[[ SOURCE DATA, beginning ]]

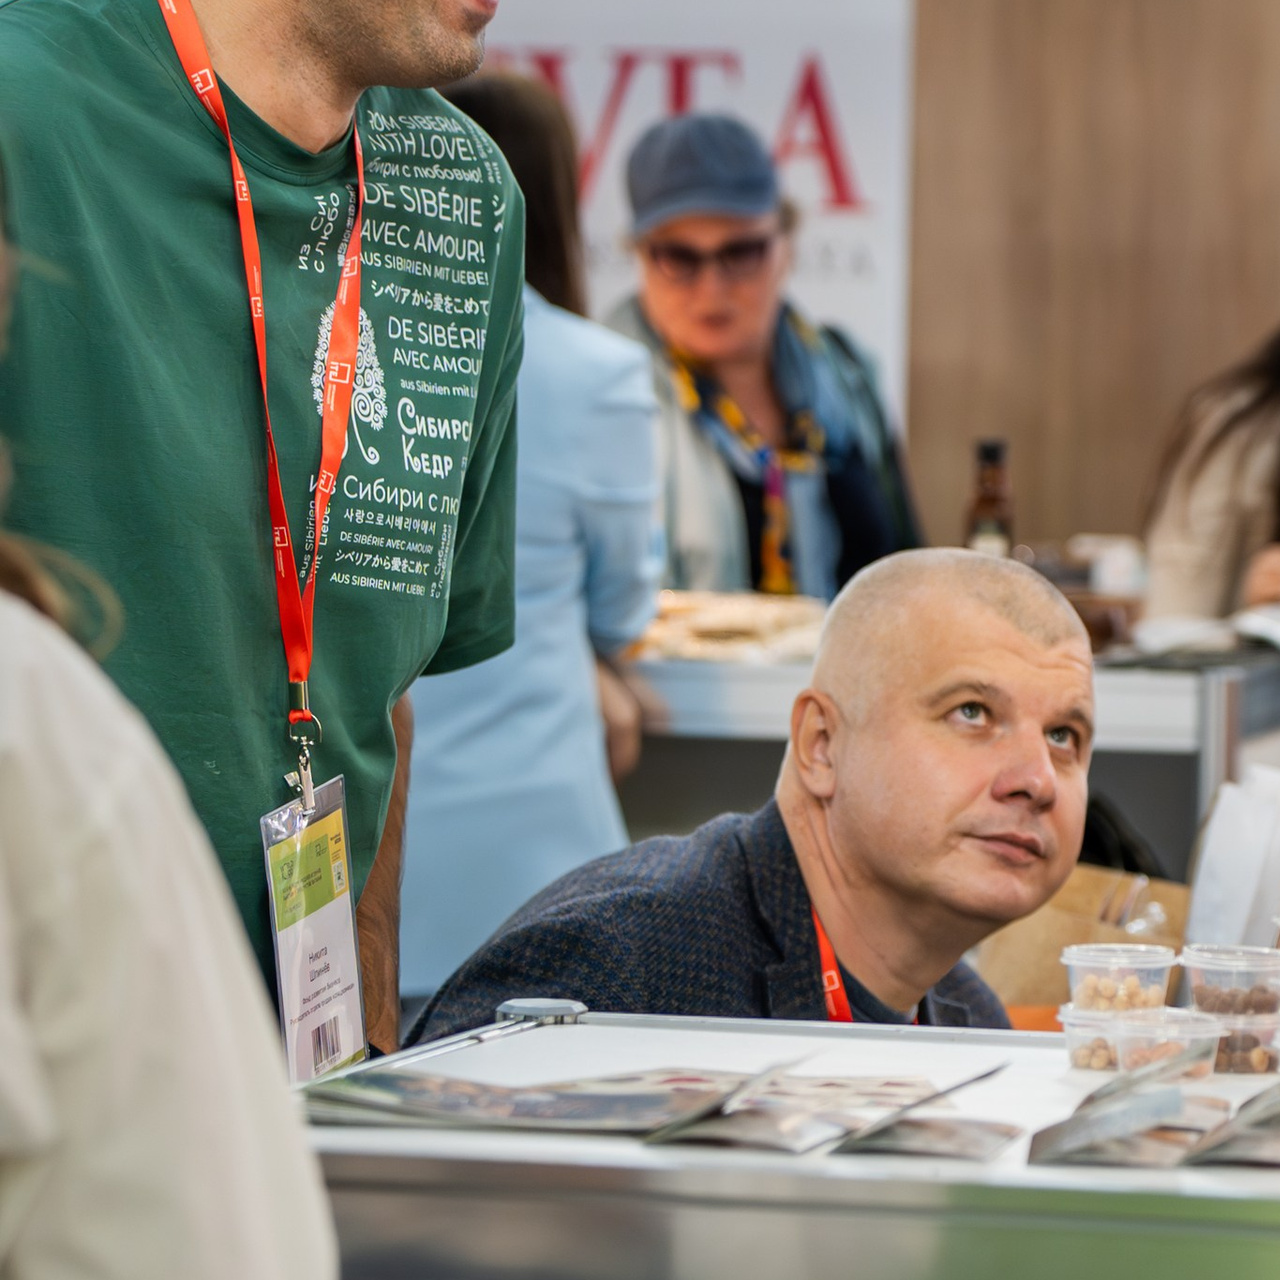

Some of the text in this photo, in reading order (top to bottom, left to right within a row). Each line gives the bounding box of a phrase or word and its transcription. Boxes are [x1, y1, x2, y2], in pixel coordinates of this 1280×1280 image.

[420, 133, 478, 162] LOVE!
[402, 164, 412, 178] с
[413, 163, 483, 184] любовью!
[363, 182, 396, 209] DE
[400, 184, 483, 228] SIBÉRIE
[360, 218, 486, 264] AVEC AMOUR!
[360, 251, 490, 287] AUS SIBIRIEN MIT LIEBE!
[388, 315, 414, 342] DE
[393, 347, 431, 371] AVEC
[400, 379, 416, 392] aus
[416, 380, 452, 397] Sibirien
[452, 385, 470, 400] mit
[343, 474, 424, 513] Сибири
[428, 493, 438, 512] с
[340, 531, 434, 556] DE SIBÉRIE AVEC AMOUR!
[299, 553, 311, 578] aus
[330, 572, 350, 585] AUS
[351, 575, 391, 591] SIBIRIEN
[391, 581, 406, 593] MIT

[[ SOURCE DATA, end ]]

The entries above should be retyped word for word, with all pictures omitted.

ANSWER FOR THE TASK:
Some of the text in this photo, in reading order (top to bottom, left to right within a row). Each line gives the bounding box of a phrase or word and its transcription. Boxes are [x1, y1, x2, y2], in pixel coordinates of this 1280×1280 image.

[420, 133, 478, 162] LOVE!
[402, 164, 412, 178] с
[413, 163, 483, 184] любовью!
[363, 182, 396, 209] DE
[400, 184, 483, 228] SIBÉRIE
[360, 218, 486, 264] AVEC AMOUR!
[360, 251, 490, 287] AUS SIBIRIEN MIT LIEBE!
[388, 315, 414, 342] DE
[393, 347, 431, 371] AVEC
[400, 379, 416, 392] aus
[416, 380, 452, 397] Sibirien
[452, 385, 470, 400] mit
[343, 474, 424, 513] Сибири
[428, 493, 438, 512] с
[340, 531, 434, 556] DE SIBÉRIE AVEC AMOUR!
[299, 553, 311, 578] aus
[330, 572, 350, 585] AUS
[351, 575, 391, 591] SIBIRIEN
[391, 581, 406, 593] MIT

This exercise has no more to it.